┌─ Records for processing

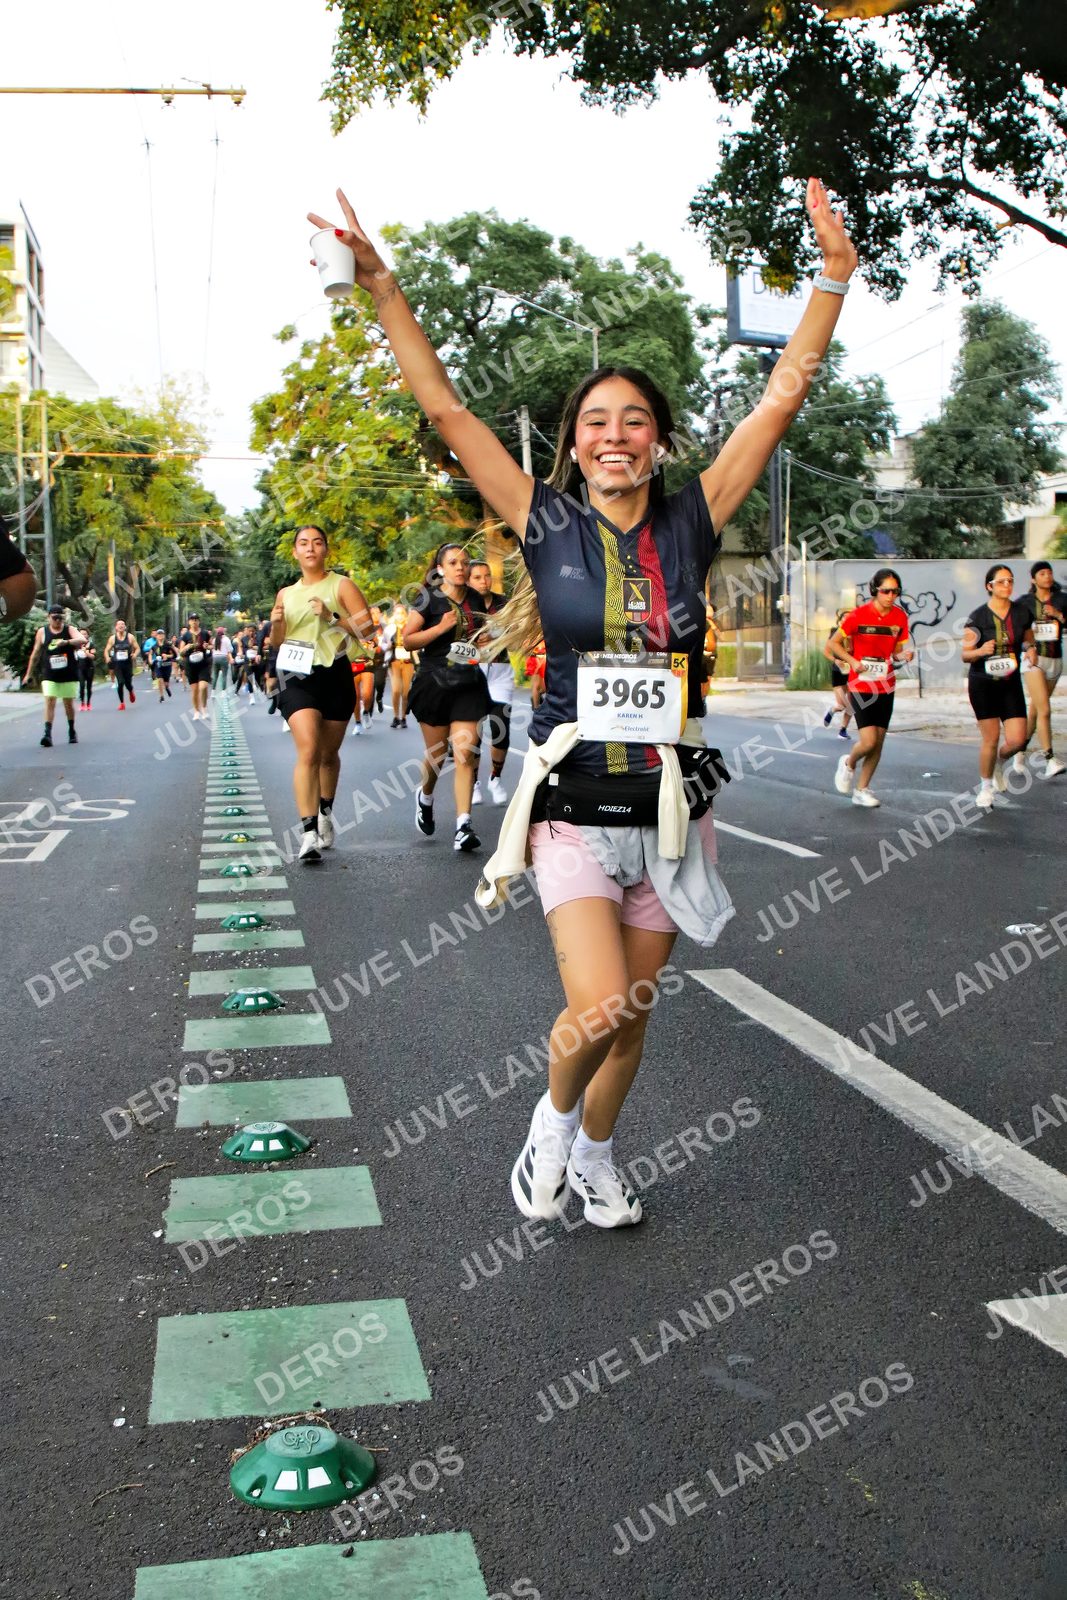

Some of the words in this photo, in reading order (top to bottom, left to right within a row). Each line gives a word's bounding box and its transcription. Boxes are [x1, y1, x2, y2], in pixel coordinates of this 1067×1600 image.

[288, 649, 304, 660] 777
[455, 645, 476, 657] 2290
[673, 657, 685, 668] 5K
[990, 662, 1010, 671] 6835
[593, 678, 666, 709] 3965
[598, 805, 632, 814] HDIEZ14

└─

The result should be the listing above, restated exactly, with no pictures in it.

◆ Exercise answer
Some of the words in this photo, in reading order (top to bottom, left to right within a row). Each line gives a word's bounding box and its transcription. Boxes are [x1, y1, x2, y2], in pixel coordinates of this 1067×1600 image.

[288, 649, 304, 660] 777
[455, 645, 476, 657] 2290
[673, 657, 685, 668] 5K
[990, 662, 1010, 671] 6835
[593, 678, 666, 709] 3965
[598, 805, 632, 814] HDIEZ14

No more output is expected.